Most of the issues raised in this section will be discussed in this paper since they are considered the backbone of the ongoing discussions on anticausatives and passives. Since this paper focuses on anticausative/inchoative alternation, the verbs that will be involved in this alternation, just like many other languages, are change of state verbs. This is in line with the observation made by Poponent (2008: 309) who points out that most alternating unaccusatives are verbs of change of state. Alexiadou, Anagnostopoupou and Schafer (2006: 181) express the same views when they assert that verbs of change of state that participate in the inchoative/anticausative alternation are the ones that are externally caused. The change of state verb which is used in this paper, namely -faya 'break', is externally caused and has both the anticausative and the passive alternants. Both these alternants will be allowed to occur in a single construction in this paper.

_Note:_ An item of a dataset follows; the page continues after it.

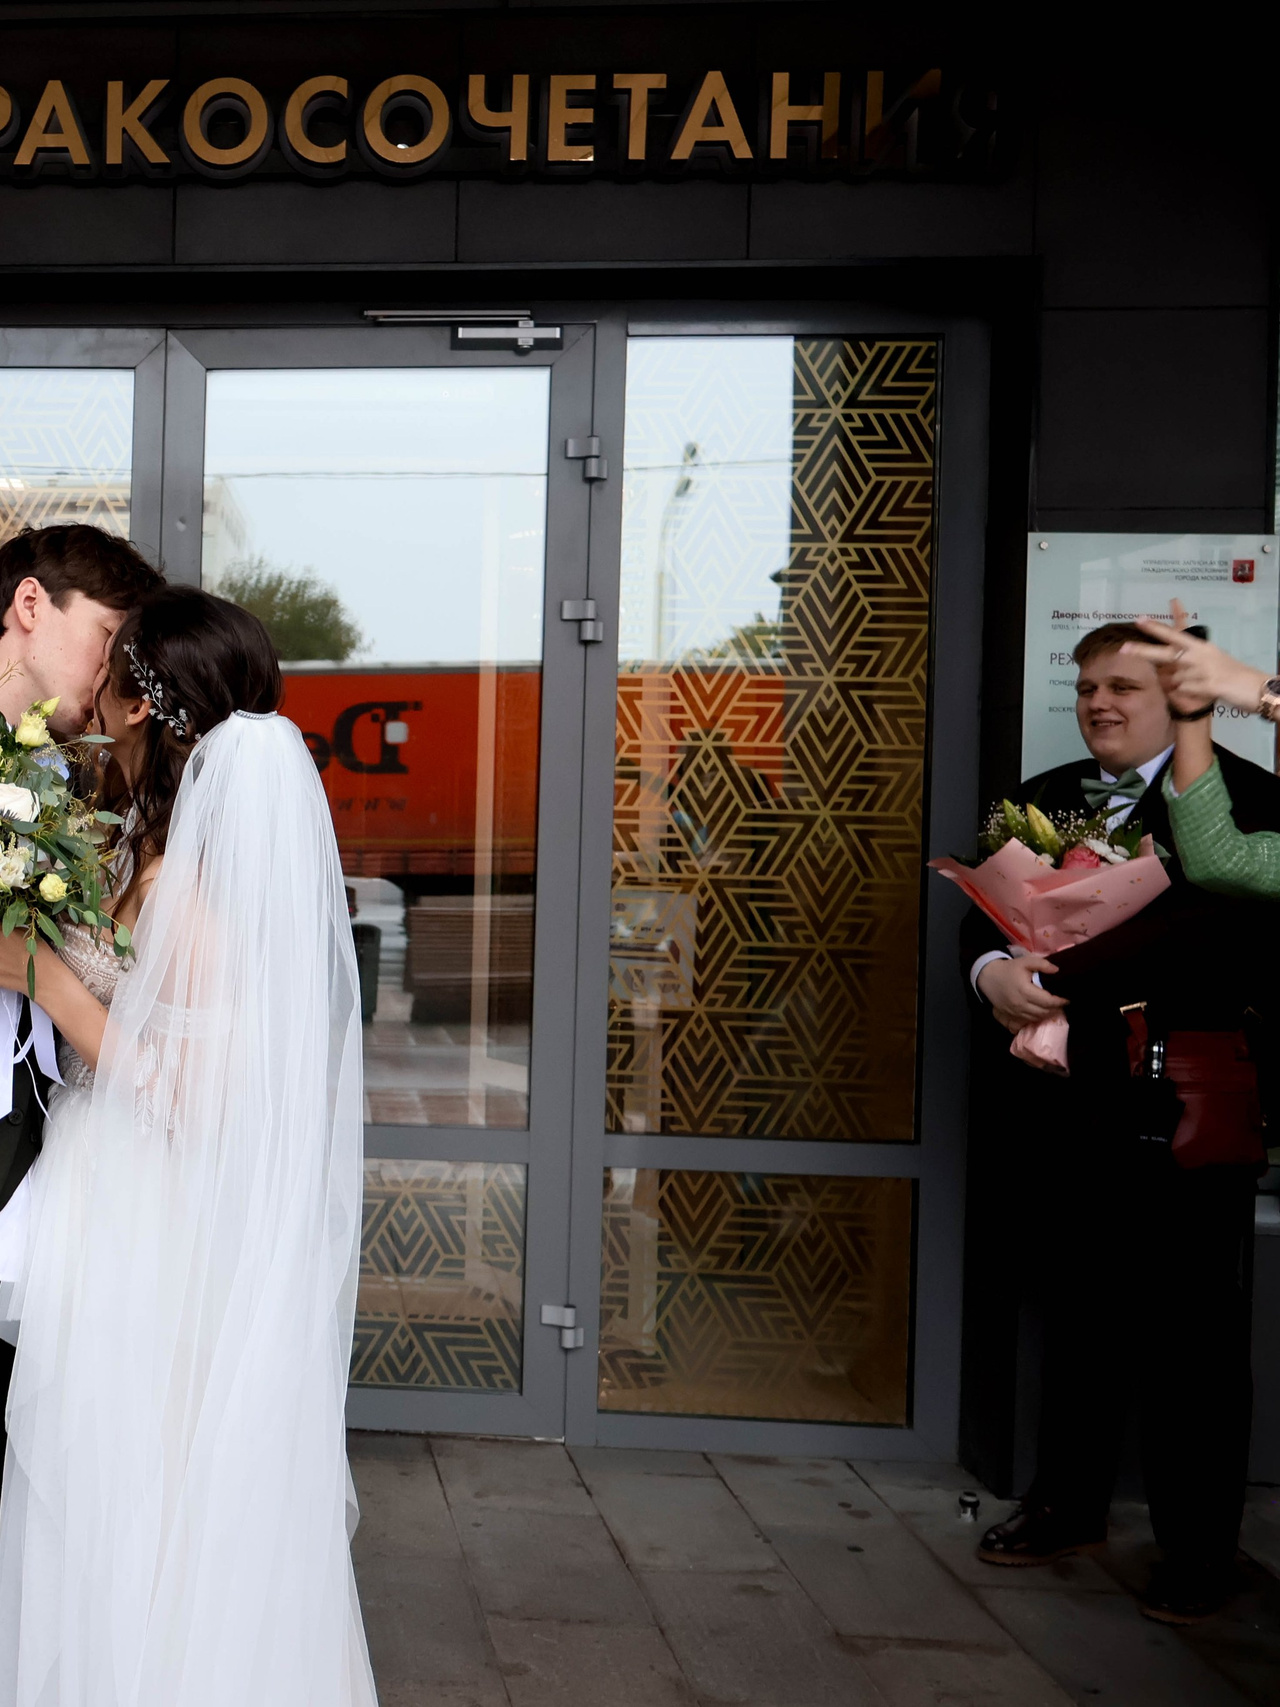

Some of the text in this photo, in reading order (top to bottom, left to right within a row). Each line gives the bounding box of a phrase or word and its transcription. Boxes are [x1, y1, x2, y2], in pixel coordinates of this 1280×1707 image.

[1051, 610, 1090, 621] Дворец
[1191, 612, 1198, 620] 4
[1050, 652, 1075, 665] РЕЖ
[1049, 679, 1076, 687] ПОНЕДЕ

The other issue relates to the distinction made between pure instruments and instrument-causers. The paper will determine whether only one or both of these instruments may be realised in Xitsonga.

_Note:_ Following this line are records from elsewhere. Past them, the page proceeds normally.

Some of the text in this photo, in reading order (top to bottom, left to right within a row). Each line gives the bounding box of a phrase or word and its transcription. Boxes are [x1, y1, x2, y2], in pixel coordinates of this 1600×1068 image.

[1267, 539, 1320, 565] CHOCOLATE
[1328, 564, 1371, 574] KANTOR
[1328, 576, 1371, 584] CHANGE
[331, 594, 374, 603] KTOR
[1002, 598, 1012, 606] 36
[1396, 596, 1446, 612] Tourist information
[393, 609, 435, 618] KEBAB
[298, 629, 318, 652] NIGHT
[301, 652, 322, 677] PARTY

The paper will also investigate how the concept of event structure, specifically the subeventual structure for predicates, takes place in Xitsonga. Furthermore, this paper will determine which of the readings of the perfect aspect highlighted by Kiparsky (1988: 11-13, 2002: 4-7) above are realised with the perfect morpheme in the intransitive verb of the subordinate clause of anticausatives.

 

3. The by phrase as an agent and/or instrument

The aim of this section is to investigate the passives of the intransitive hikuva 'because' reason clauses to find out whether such clauses allow or disallow the occurrence of the PPs denoting agents and instruments. To test this, the intransitive verbs of the subordinate hikuva 'because' reason clause will first be allowed to occur with the passive morpheme -iw- and the causative morpheme -is-, and second, it will be allowed to occur with the perfect morpheme -ile, in addition to the passive morpheme -iw- and the causative morpheme -is-. The role of the subject and/or object marker within the subordinate reason clause will also be examined. The syntactic status and the syntactic positions of the PPs will receive attention, too.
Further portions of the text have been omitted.